:: Data records ::
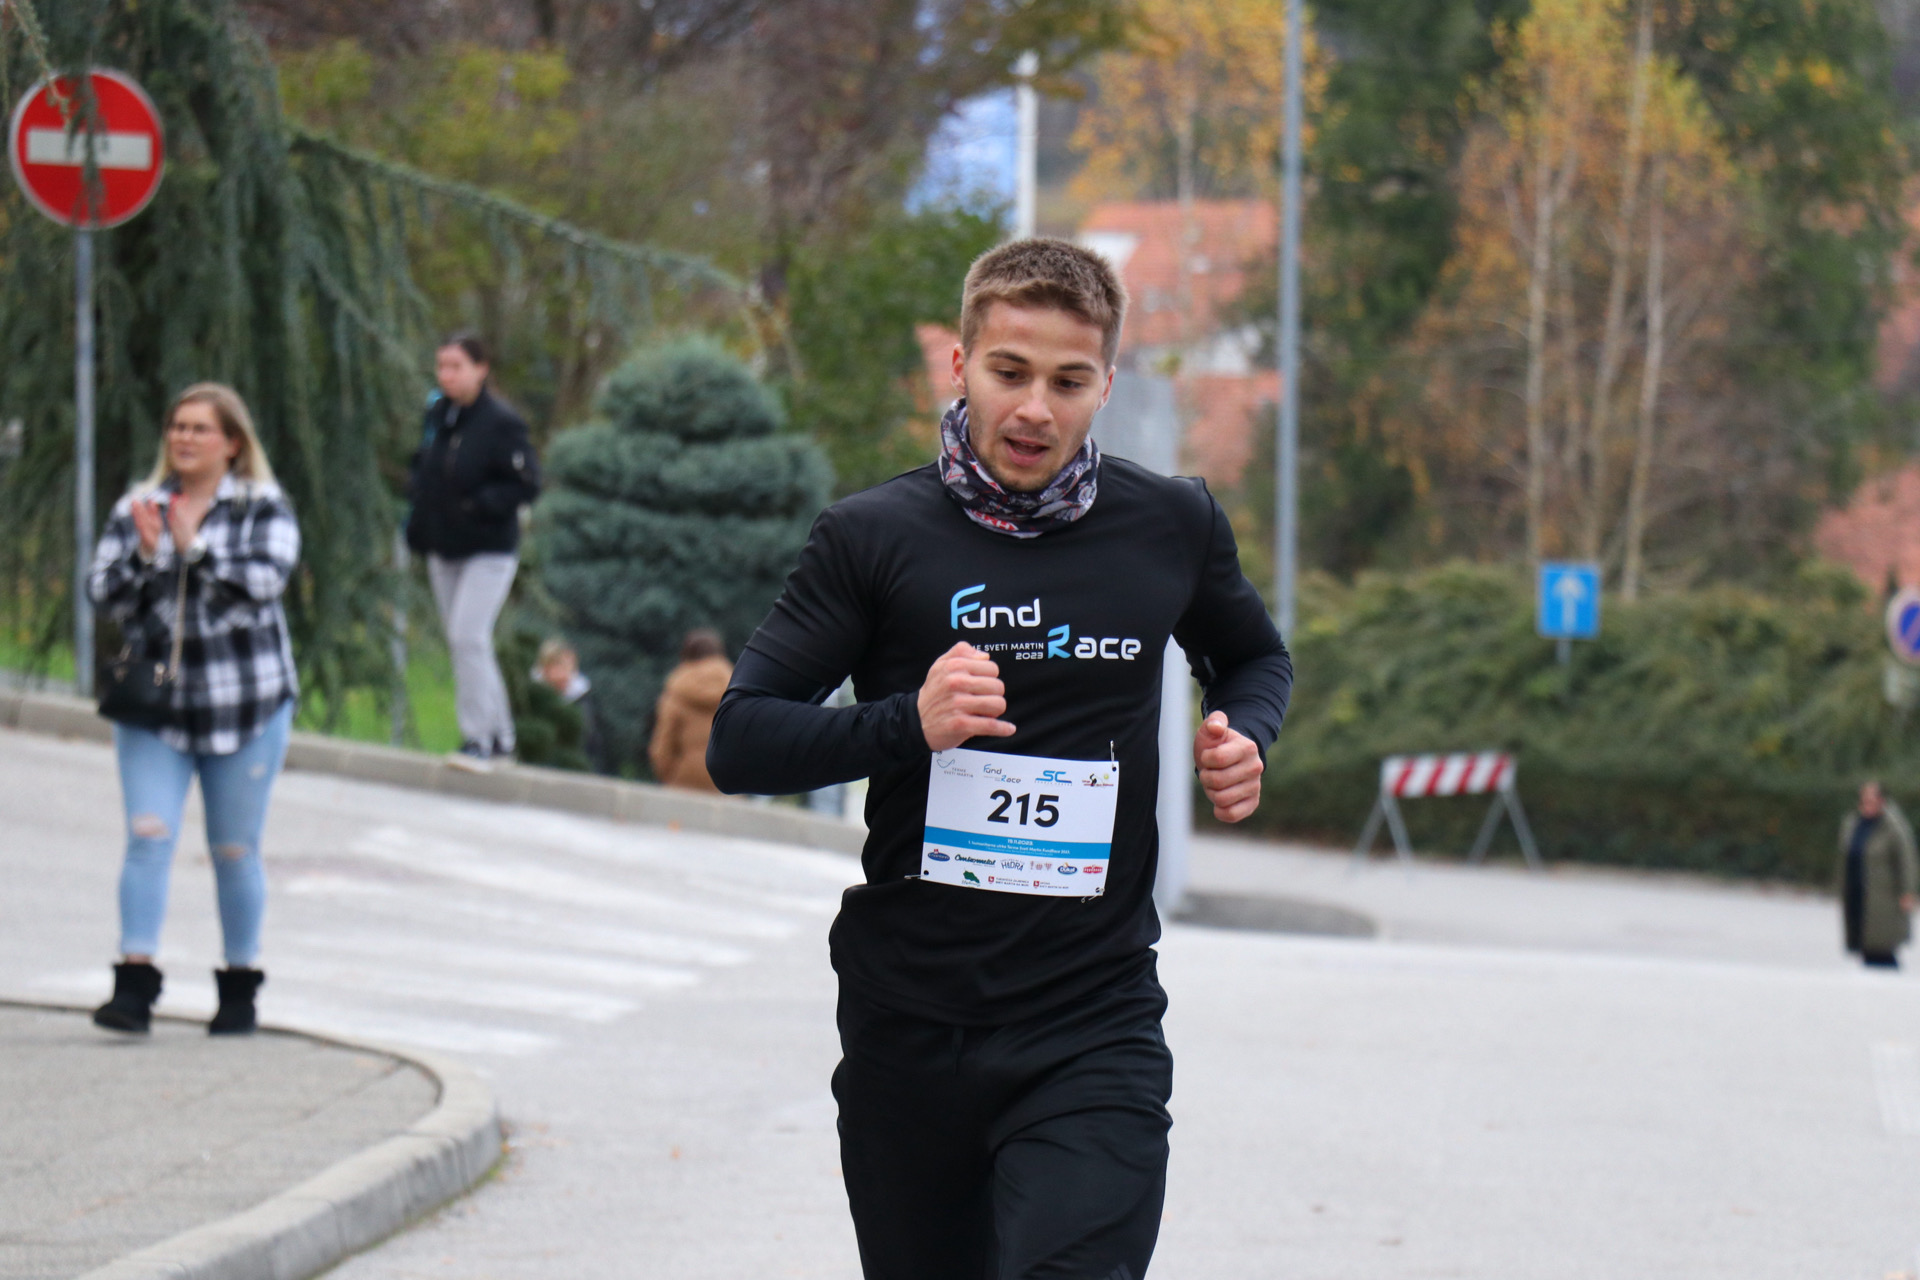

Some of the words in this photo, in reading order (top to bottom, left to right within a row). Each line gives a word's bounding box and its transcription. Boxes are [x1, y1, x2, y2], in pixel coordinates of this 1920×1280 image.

[951, 583, 1041, 630] Fund
[984, 643, 1008, 652] SVETI
[1010, 642, 1044, 651] MARTIN
[1047, 624, 1142, 661] Race
[1015, 651, 1044, 660] 2023
[983, 763, 1002, 775] Fund
[1035, 770, 1072, 784] SC
[987, 789, 1060, 828] 215
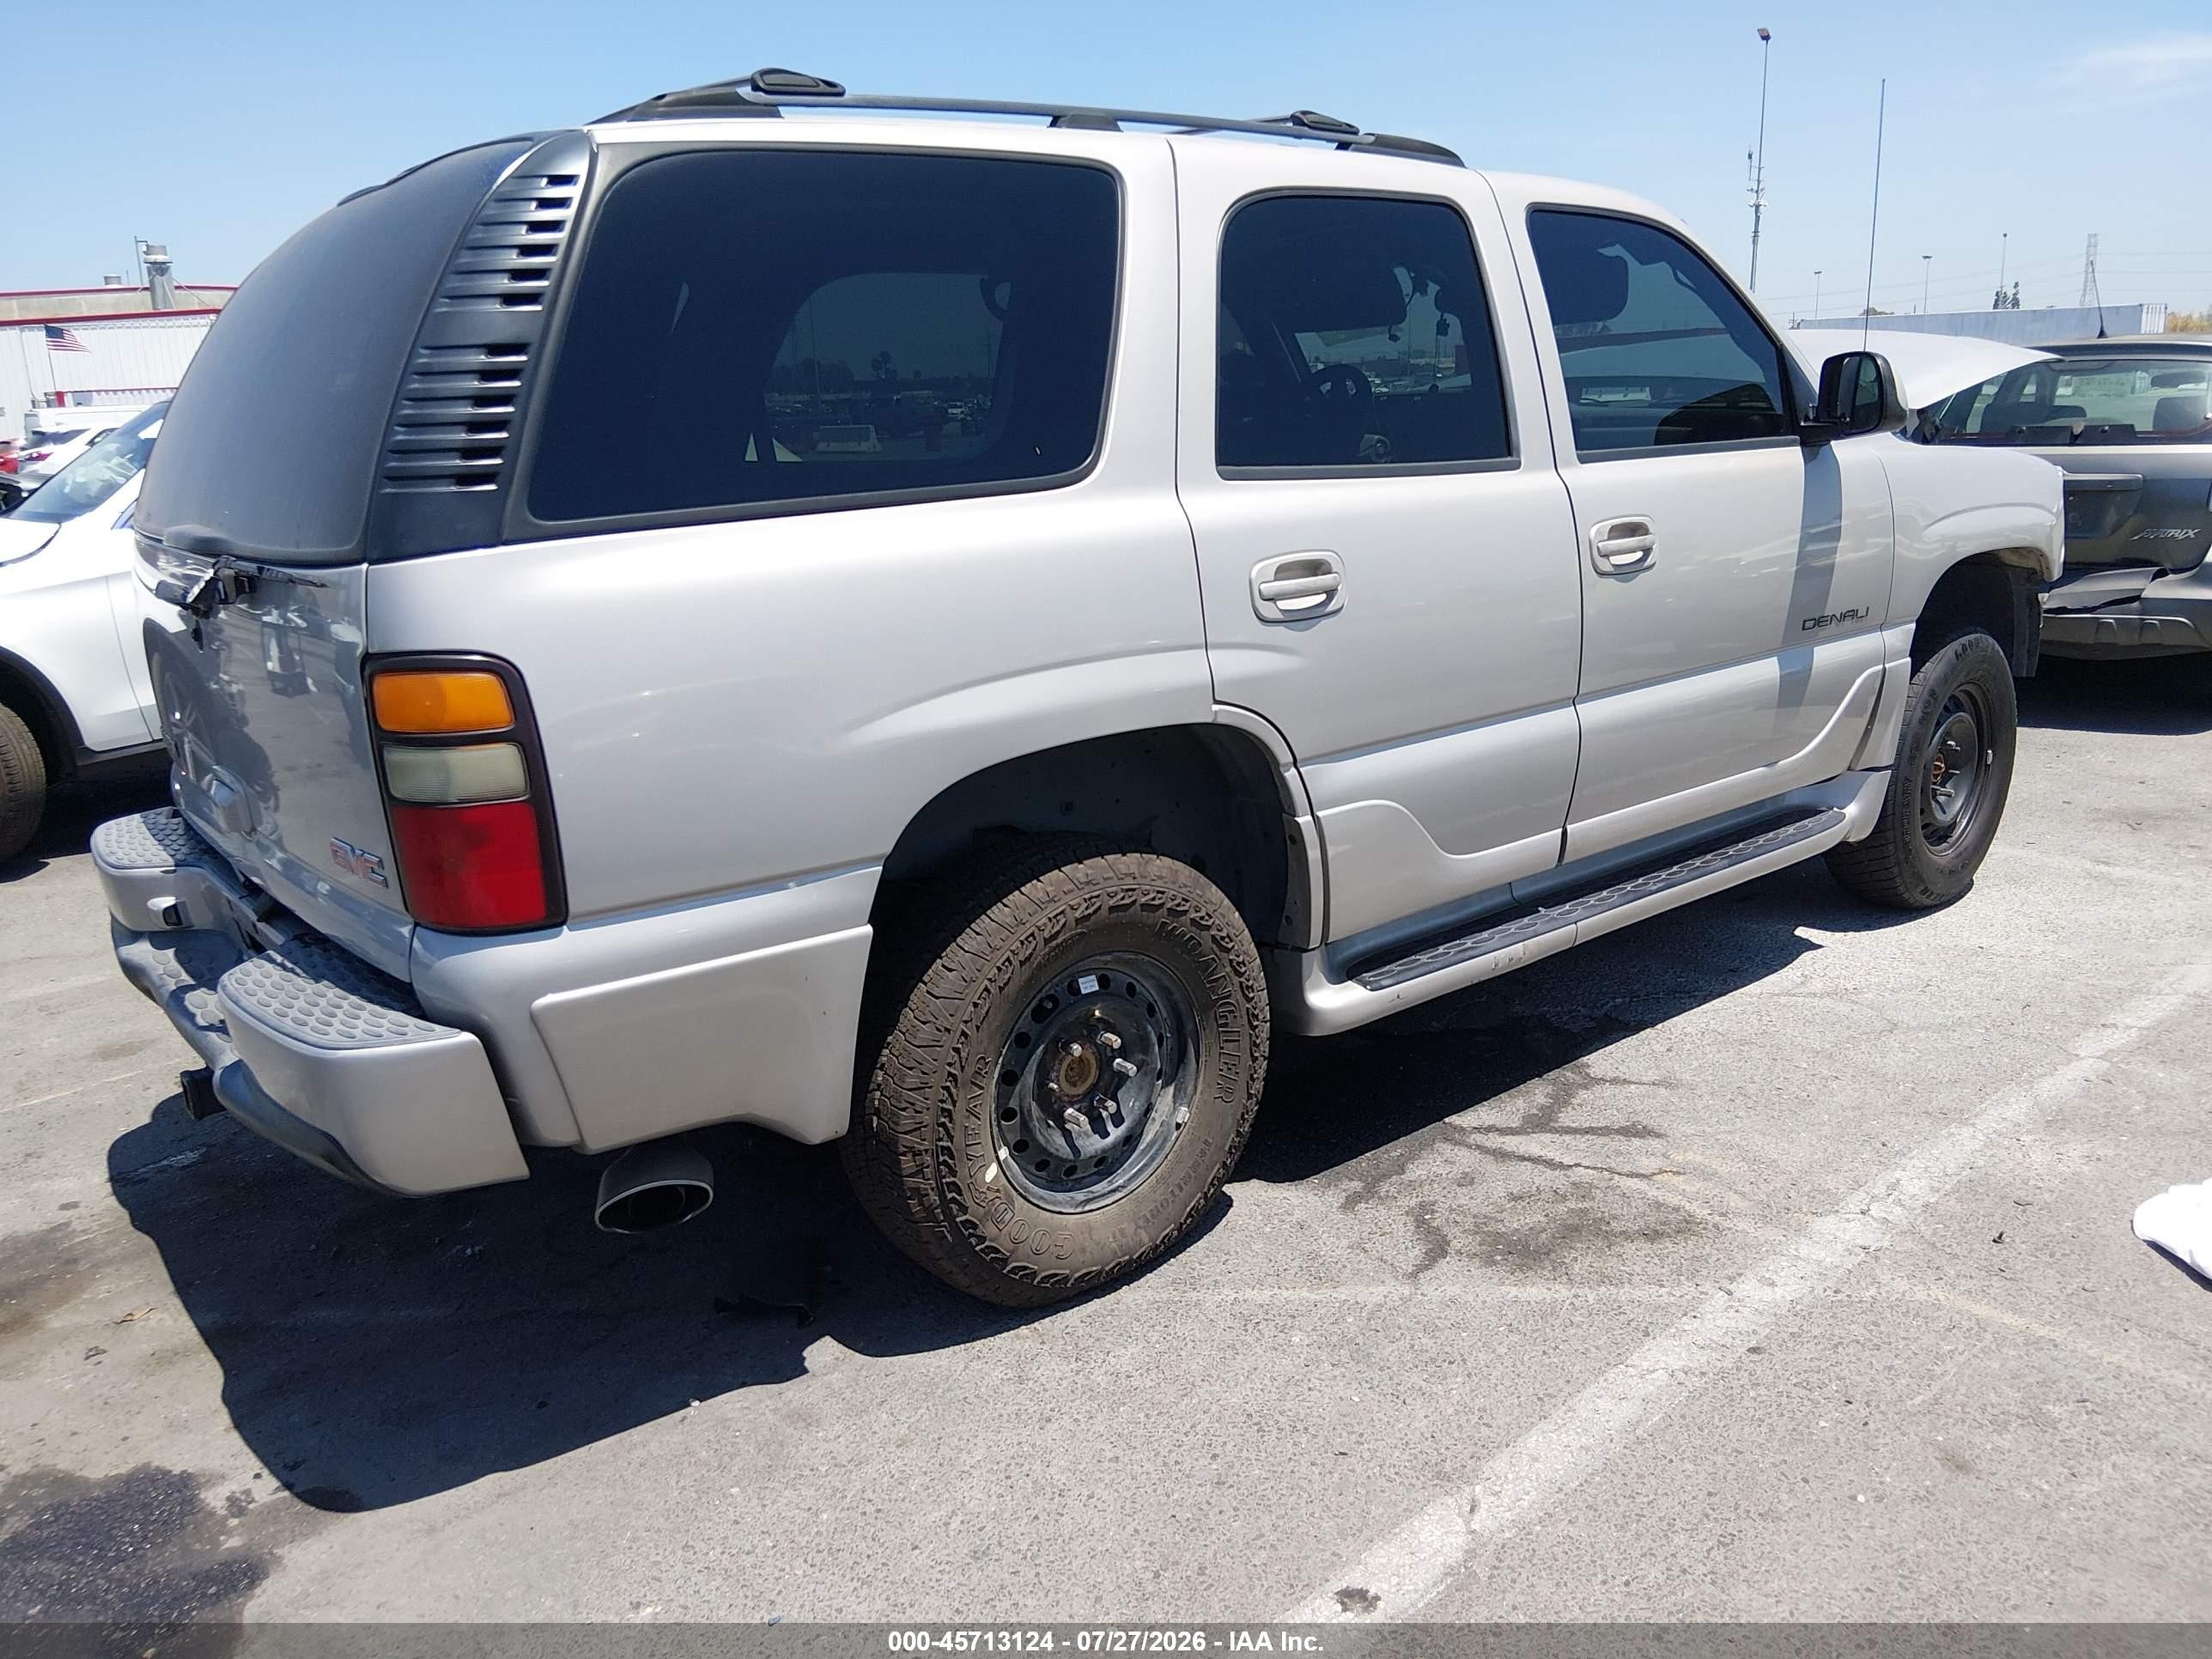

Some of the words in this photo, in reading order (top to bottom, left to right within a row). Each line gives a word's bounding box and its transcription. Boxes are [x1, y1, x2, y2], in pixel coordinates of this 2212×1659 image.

[1801, 606, 1869, 631] DENALI
[330, 836, 389, 889] GMC
[965, 1053, 1075, 1261] GOODYEAR
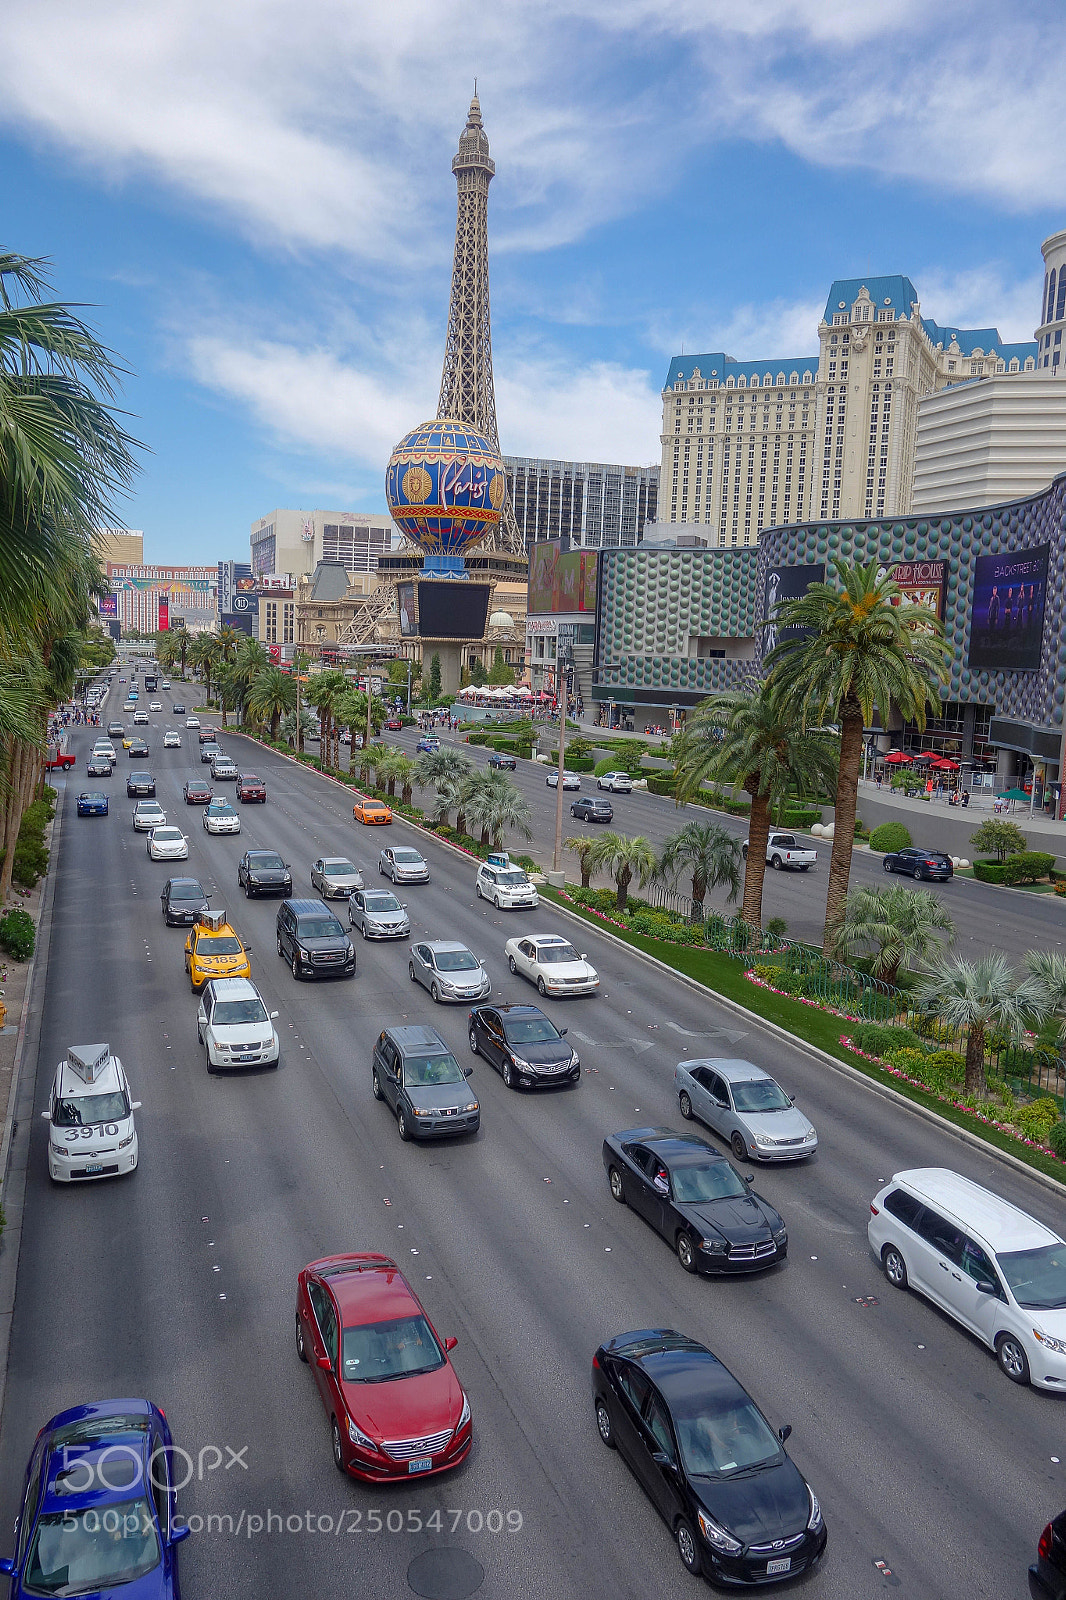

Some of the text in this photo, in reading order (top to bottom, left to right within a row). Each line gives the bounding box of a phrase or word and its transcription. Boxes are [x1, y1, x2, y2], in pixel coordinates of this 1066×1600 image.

[440, 454, 488, 511] Paris
[913, 563, 944, 582] HOUSE
[994, 561, 1033, 578] BACKSTREET
[203, 956, 238, 965] 3185
[64, 1123, 119, 1142] 3910
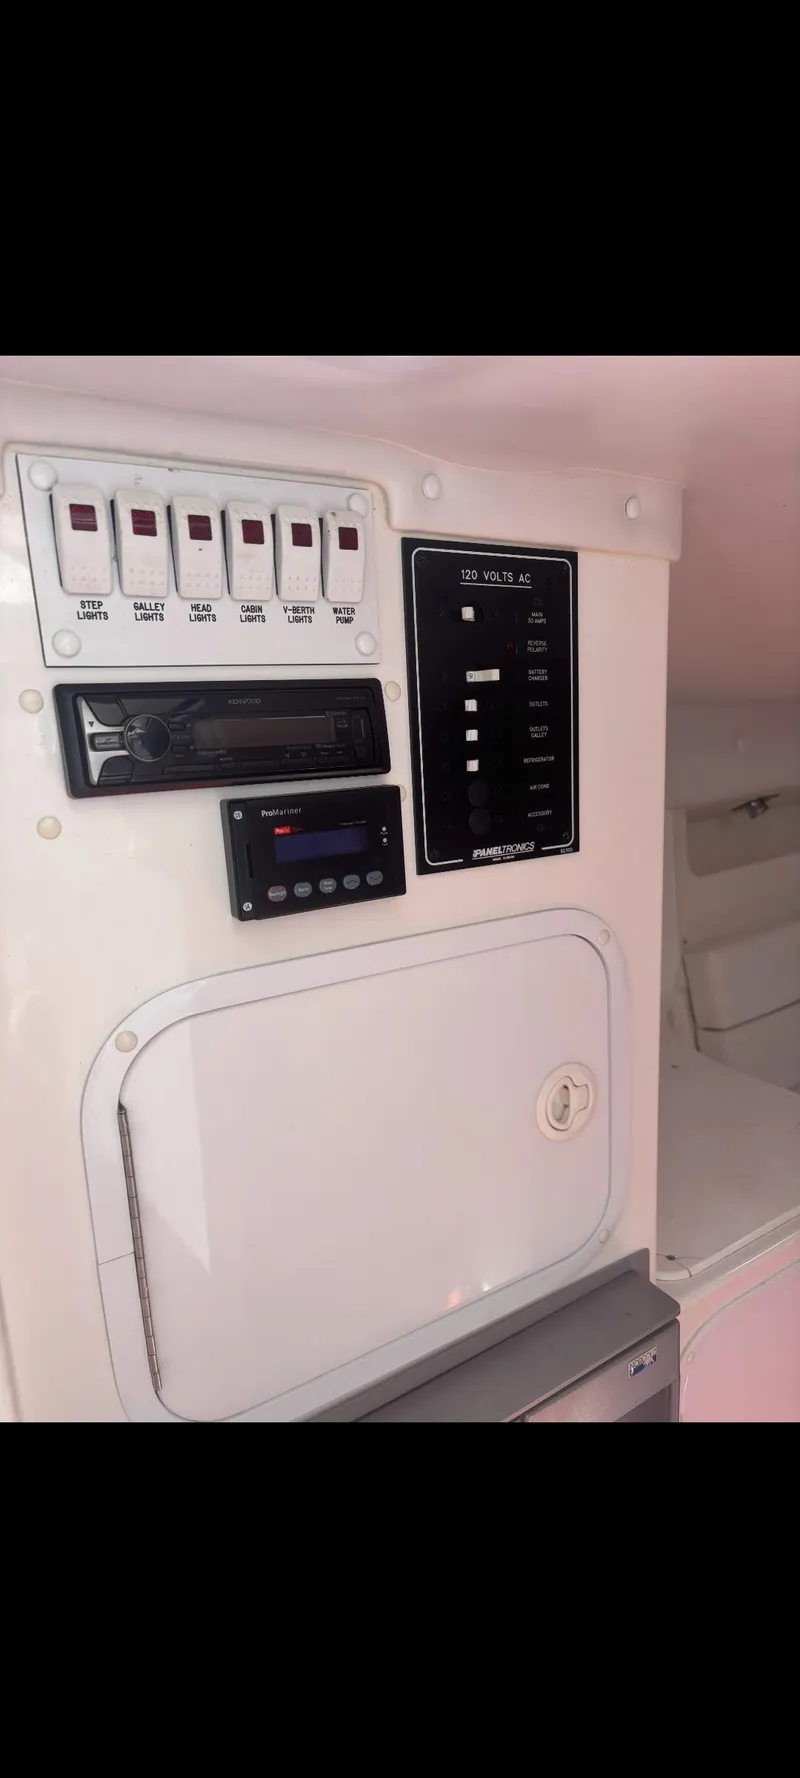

:: What is being asked ::
With the images excluded, reproduce the data above precisely as written.

:: Exercise solution ::
Some of the words in this photo, in reading order (top to bottom, left to right within a row). Each line gives a word's bounding box and its transcription. Boxes are [x1, y1, x2, y2], in pixel coordinates of this 1920×1280 image.

[951, 583, 1041, 630] Fund
[984, 643, 1008, 652] SVETI
[1010, 642, 1044, 651] MARTIN
[1047, 624, 1142, 661] Race
[1015, 651, 1044, 660] 2023
[983, 763, 1002, 775] Fund
[1035, 770, 1072, 784] SC
[987, 789, 1060, 828] 215

Some of the words in this photo, in reading order (top to bottom, left to right within a row). Each line gives a word's bounding box and its transcription. Boxes are [x1, y1, x2, y2], in pixel coordinates of this 2212×1659 image.

[1801, 606, 1869, 631] DENALI
[330, 836, 389, 889] GMC
[965, 1053, 1075, 1261] GOODYEAR

Some of the text in this photo, in reading order (top to bottom, left to right within a row). Each line gives the bounding box of a phrase or word and its transcription. Boxes are [x1, y1, x2, y2], in pixel coordinates of this 1066×1600 image.

[440, 454, 488, 511] Paris
[913, 563, 944, 582] HOUSE
[994, 561, 1033, 578] BACKSTREET
[203, 956, 238, 965] 3185
[64, 1123, 119, 1142] 3910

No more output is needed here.